Mas voltemos a Mohammed. É um rapaz pequeno, descreve Hannah Wallace Bowman, responsável pela comunicação e que está a bordo do Ocean Viking. Usa um casaco de uma farda escolar que é demasiado grande. O seu corpo é magro. “Contou-me que tem medo de fechar os olhos às noite”, refere Hannah.
Também Jaden, que tem 26 anos, foi resgatado. Aquele que se tornou o seu melhor amigo, que conheceu na Líbia - os sofrimentos e dores da vida tendem a aproximar brutalmente as pessoas que os vivem juntas -, morreu. Jaden veio numa embarcação que teve a sorte de ser resgatada, mas a do amigo dele tem um história diferente. “Foi ao fundo e quando voltou à superfície não conseguiram encontrá-lo. Ele não sabia nadar. Ele era como eu: o único filho dos seus pais. Estamos a morrer no mar.”
Há ainda Abdul, que é barbeiro, conta Hannah. “É gentil e de fala calma. Nada o deixa mais feliz que cortar cabelos.” Já não reconhece o seu rosto, a barba cresceu durante o cativeiro de mais de um ano na Líbia. Um homem que cuida de barba alheia tem de olhar pela sua: “Amanhã vou barbear-me”.
Hannah também costumava encontrar Grace à noite no convés, quando já todos dormiam. Olhava para as estrelas e pedia que a beliscassem porque não acreditava estar viva e a salvo. “Fiz o que me pediu, rimos mas acho que não ficou convencida de que era verdade.” Grace, o marido e os quatro filhos já haviam tentado duas vezes atravessar o Mediterrâneo. Foram intercetados pela guarda costeira e levados de volta à Líbia, onde foram presos e onde uma das filhas ficou gravemente doente. Estavam decididos a fazer desta a última tentativa. Caso contrário esperariam apenas por morrer e “pelo menos assim tudo acabaria”.

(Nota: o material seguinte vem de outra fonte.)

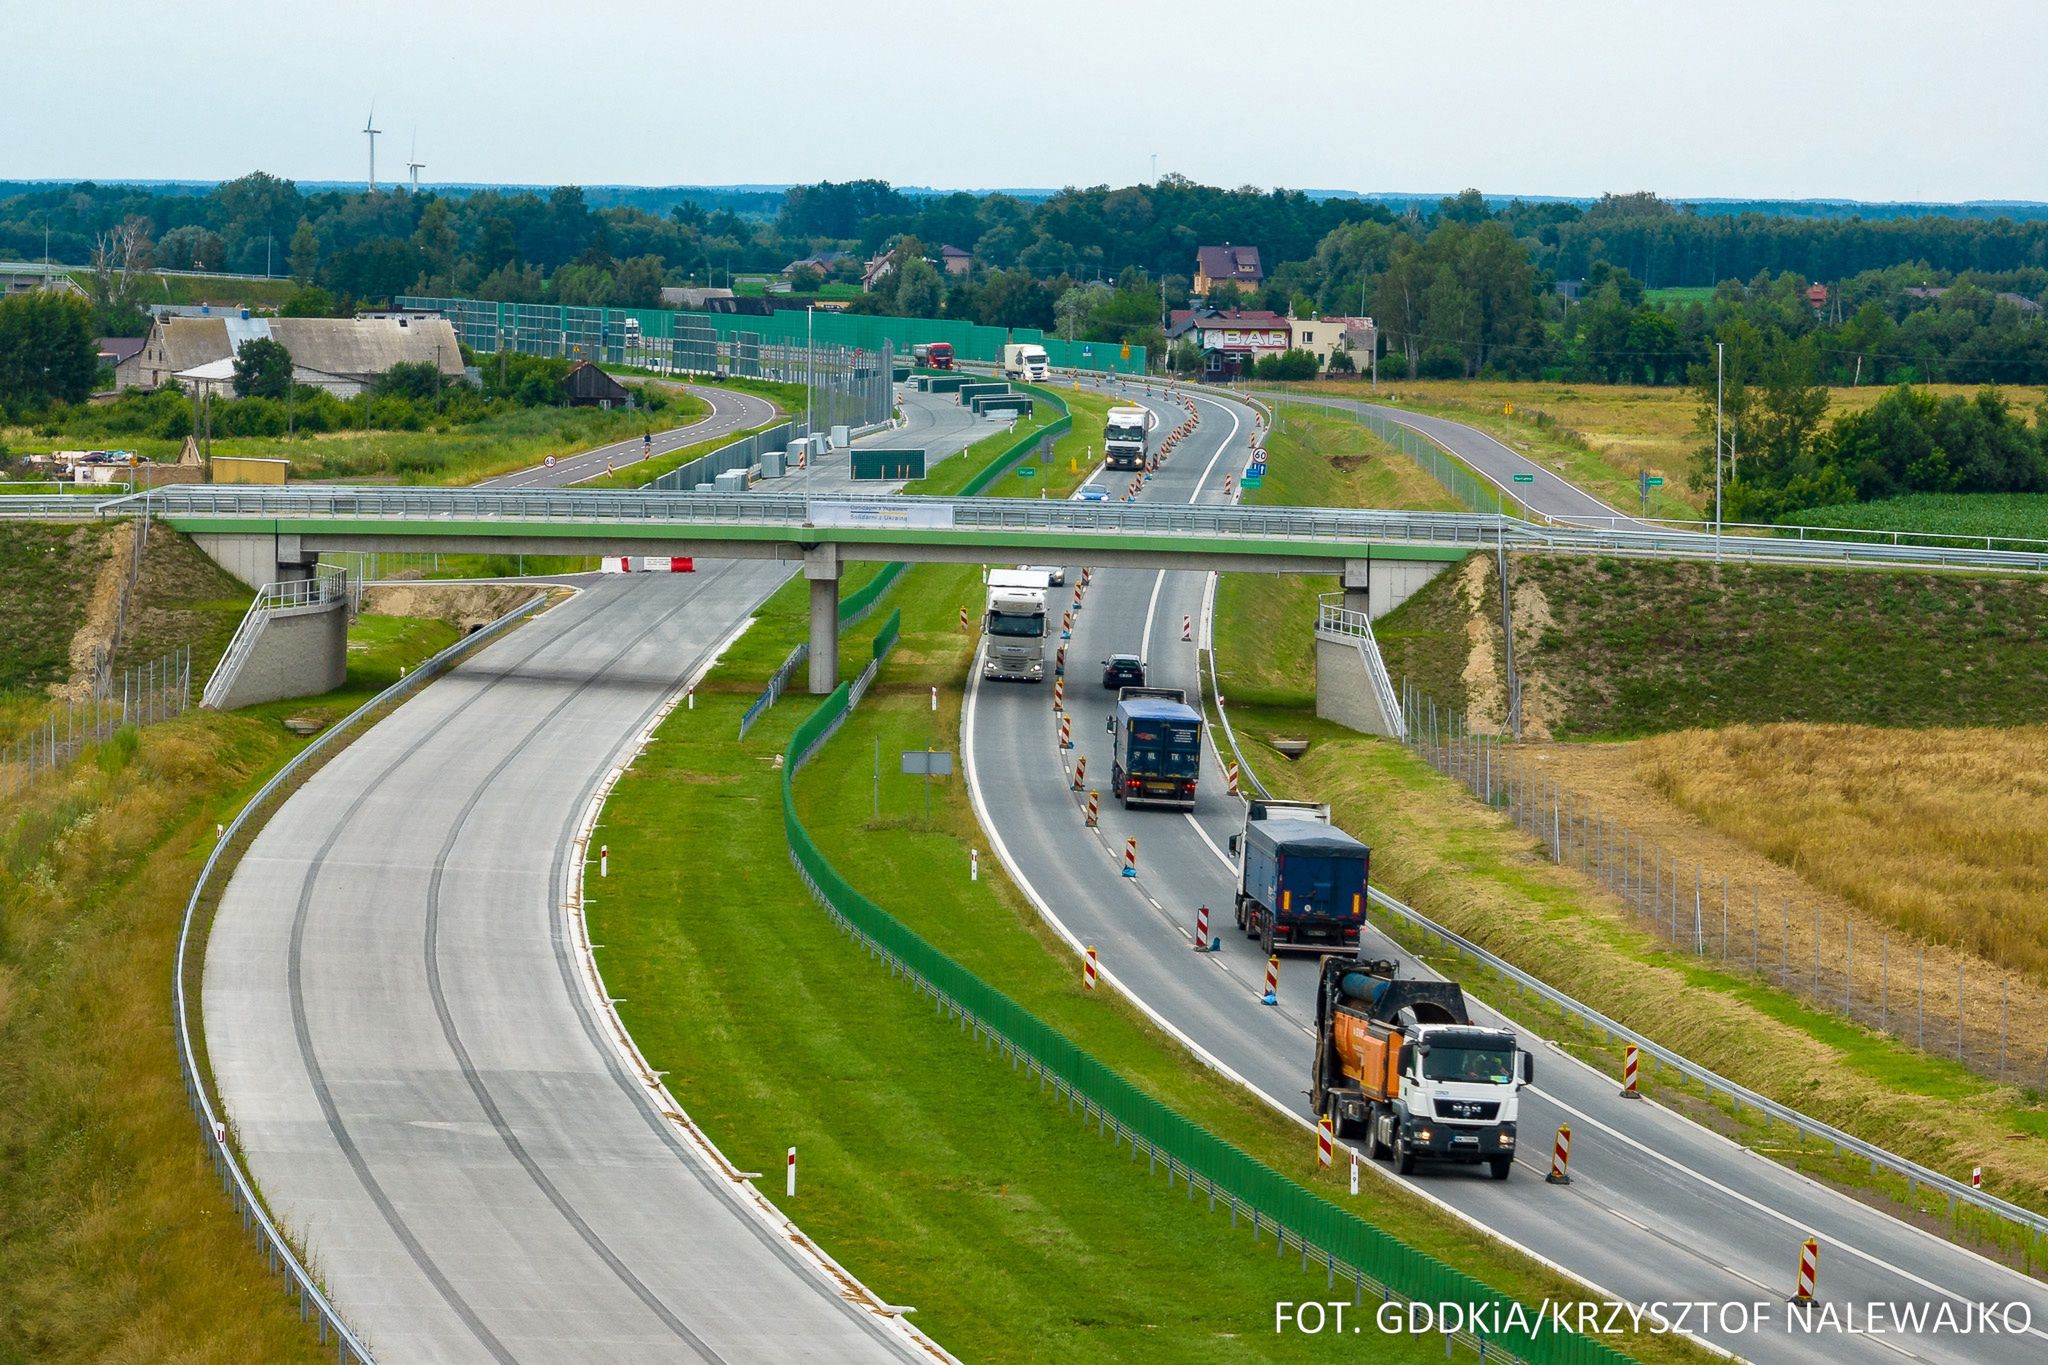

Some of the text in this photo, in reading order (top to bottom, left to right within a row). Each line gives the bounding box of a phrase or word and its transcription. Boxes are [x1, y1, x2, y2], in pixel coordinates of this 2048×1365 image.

[1223, 329, 1287, 346] BAR
[1255, 450, 1266, 460] 60
[1452, 1104, 1482, 1113] MAN

Pessoas colapsam inconscientes
Na última noite o tempo piorou. Aproximava-se uma tempestade. O navio Alan Kurdi procurou abrigo no estreito de Messina, ao largo da costa siciliana. Estavam há seis dias à espera e só esta quarta-feira terminou a incerteza. Eram 09h (menos uma hora em Portugal continental) quando desembarcaram.

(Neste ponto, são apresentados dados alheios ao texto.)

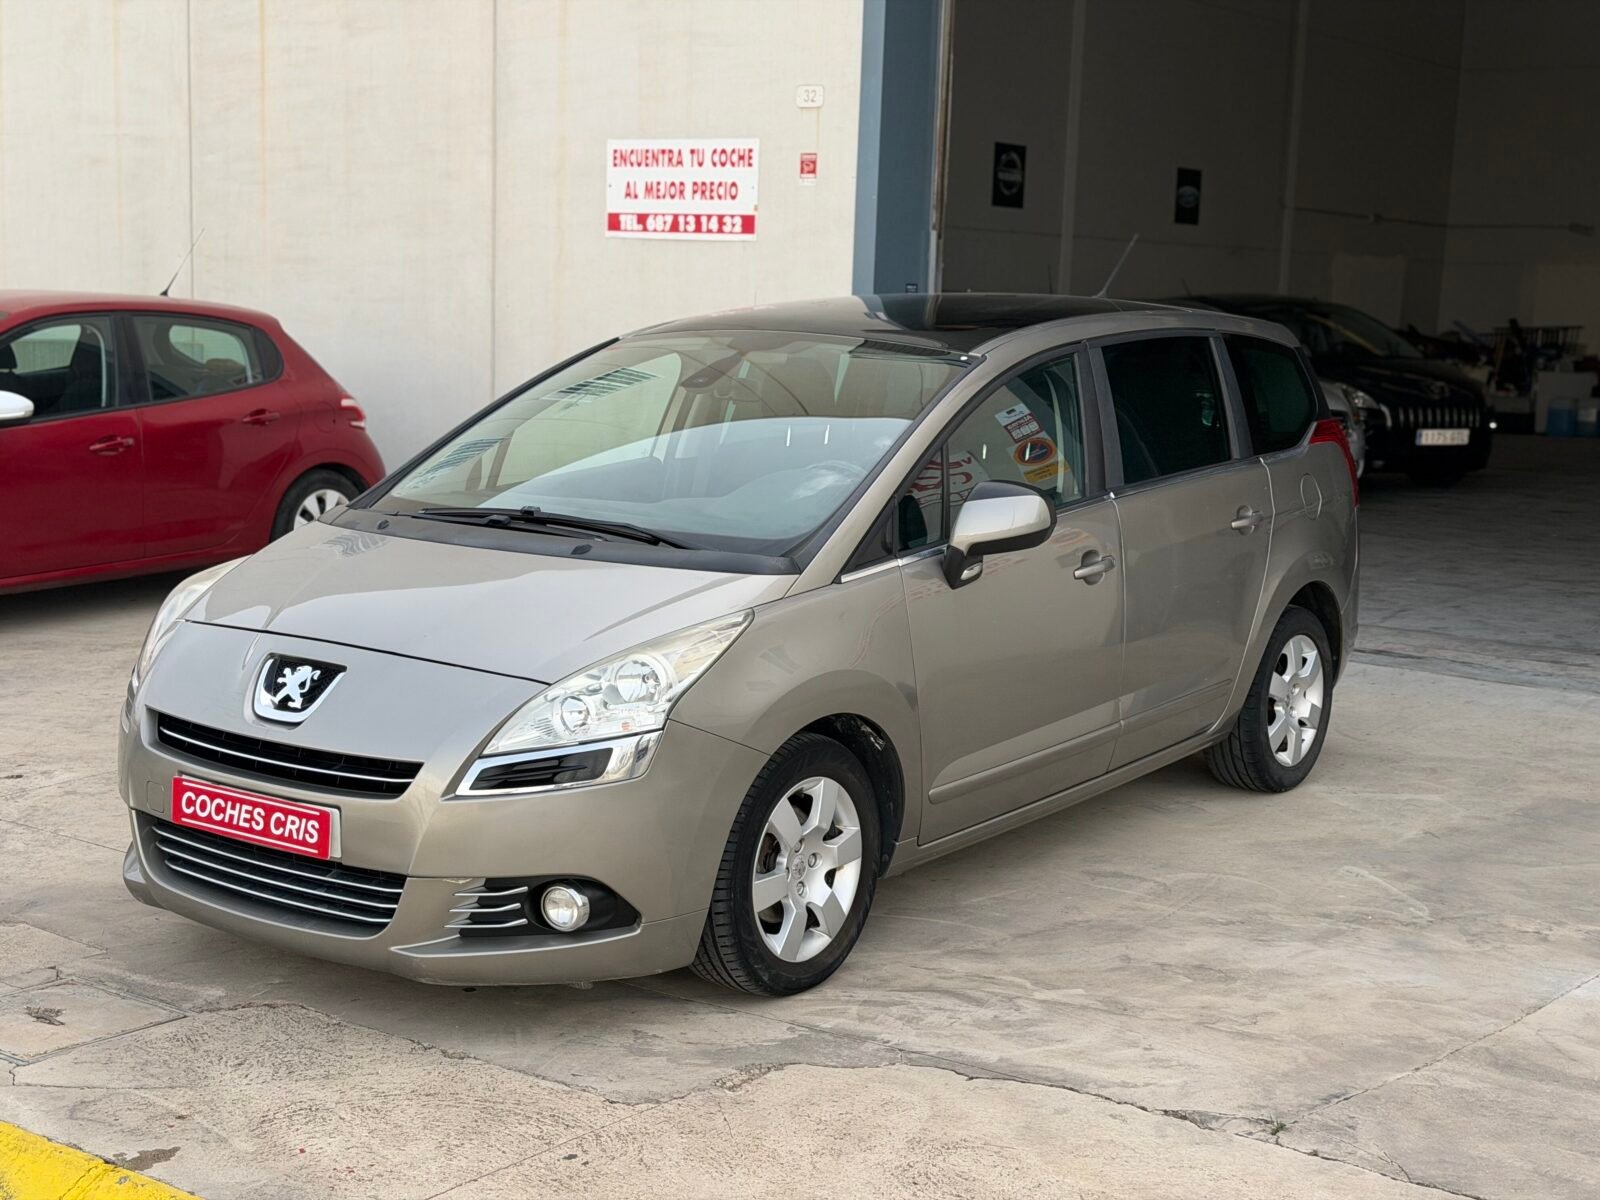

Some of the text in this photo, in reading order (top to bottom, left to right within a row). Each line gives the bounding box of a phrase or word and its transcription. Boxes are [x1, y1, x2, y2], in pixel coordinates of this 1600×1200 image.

[803, 89, 817, 103] 32
[612, 148, 754, 168] ENCUENTRA TU COCHE
[624, 180, 739, 201] AL MEJOR PRECIO
[618, 214, 743, 234] TEL. 687 13 14 32
[181, 791, 320, 844] COCHES CRIS

“Durante meses os próprios ministros vangloriaram-se pelo pacto de Malta [sobre as migrações], que deveria garantir uma rápida distribuição e desembarque. O ministro do Interior alemão disse na segunda-feira que estava muito satisfeito com o progresso até agora mas nós não entendemos isso. As pessoas não são uma moeda de troca”, defende Julian Pahlke, porta-voz da Sea Eye, em comunicado.
Há dois dias, duas pessoas caíram inconscientes no navio. Precisaram de assistência imediata. A fragilidade da saúde física e mental obrigou à retirada de pessoas. Por três vezes as autoridades italiana aproximaram-se do Alan Kurdi e levaram gente que já não aguentava mais a dureza do mar. No total, 23 pessoas foram levadas para terra.
Diz a lei marítima internacional que quando alguém está em perigo no mar - e todos eles estão - deve ser atribuído como lugar de desembarque o porto seguro mais próximo e o mais rapidamente possível. E isso não está a acontecer, garantem as ONG, e a história recente do Mediterrâneo prova isso mesmo: desde o verão de 2018 que o desembarque tem sido dificultado, países como Itália e Malta, que serviam quase sempre como porto, passaram a recusar a entrada dos navios durante dias até existir uma solução concertada entre Estados-membros (Portugal tem estado muitas vezes envolvido) e, enquanto isso, as pessoas continuam à espera.
Sim, continua a acontecer. Todas as semanas navios de organizações não governamentais ficam à espera de lugar para atracar. “Estamos a esgotar os superlativos para esta ignorância.”